The saga of Ronald Johnson two years ago left a gigantic, scarring burn on everybody that is a Michigan fan and follows recruiting. Not many people know the full story behind it, and I'm not one of the ones who does. What I do know is that all the drama that went down behind the scenes that tore RoJo away from Michigan and sent him across the country to USC, none of that is happening with William Campbell, the cause of everyone's angst this year. Yes, it is nervewracking that Campbell decommitted from Michigan. It's unsettling that he is visiting big players like Alabama, LSU, Miami, and Florida. But lets consider the following:
  • Campbell has two current teammates (Teric Jones and Thomas Gordon) committed to Michigan, along with one former teammate already at Michigan (Boubacar Cissoko).

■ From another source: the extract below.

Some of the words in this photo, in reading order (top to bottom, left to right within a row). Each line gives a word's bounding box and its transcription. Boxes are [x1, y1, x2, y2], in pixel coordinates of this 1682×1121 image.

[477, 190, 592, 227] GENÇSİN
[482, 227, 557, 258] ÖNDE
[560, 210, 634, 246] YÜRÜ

  • Campbell's head coach at Cass Tech, Thomas Wilcher, is a former player at Michigan.
  • Campbell's direct family is all solidly in favor of Campbell going to Michigan.

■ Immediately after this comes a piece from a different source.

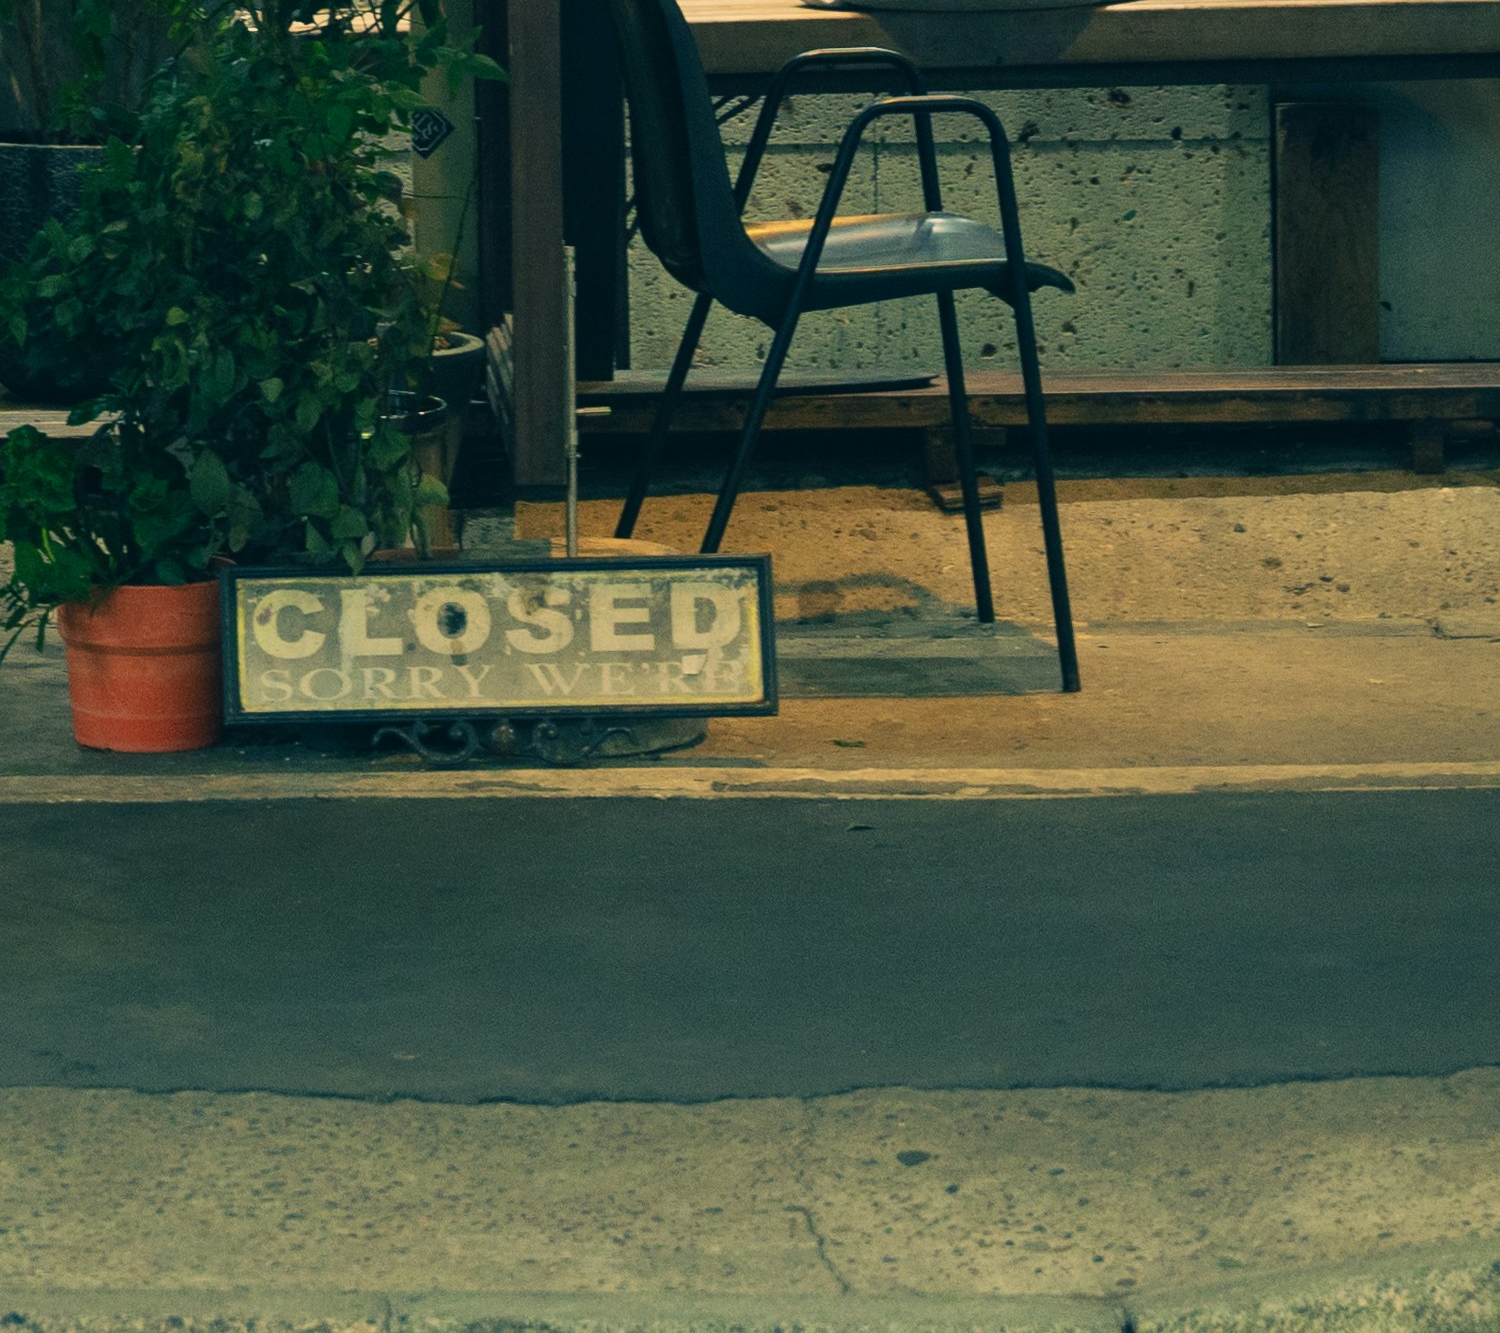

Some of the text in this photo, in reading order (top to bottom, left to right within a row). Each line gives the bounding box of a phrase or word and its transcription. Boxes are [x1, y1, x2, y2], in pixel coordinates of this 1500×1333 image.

[252, 580, 747, 659] CLOSED
[260, 658, 745, 704] SORRY WE'RE

That last one is probably the most critical. Somewhere along the line during RoJo's recruitment, there was a fracture. Whether it was between the Michigan staff and RoJo's family, or RoJo's high school coaches (who were also pro-Michigan) and RoJo's family, who knows. But something happened somewhere that disconnected the Johnsons from the University of Michigan. That, to this point, is not even remotely close to being the case with Campbell. USC, the program that can swoop in and steal any star prospect from any power in any state, abandoned any hope for luring Campbell away and didn't even host him on an official visit two weeks ago because they don't believe he can be swayed away from Michigan.

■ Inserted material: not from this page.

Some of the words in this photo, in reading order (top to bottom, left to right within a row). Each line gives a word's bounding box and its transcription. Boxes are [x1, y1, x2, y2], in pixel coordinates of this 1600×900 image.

Big Will isn't Ronald Johnson. And he isn't Nick Perry. RoJo and Perry fleeing Michigan to USC in 2007 and 2008 has no bearing on Campbell in 2009. It's a shame they got away. RoJo probably would've been a starter for Michigan this past season, either at corner or at free safety. Perry would have us all feeling a lot better about the defensive end position headed into next season. It would've been pretty cool seeing three highly touted Detroit defensive linemen on the same line next year with Brandon Graham (Crockett), Perry (Martin Luther King) and Campbell (Cass Tech). But it didn't work out that way.

Instead we'll just have to hopefully settle for two.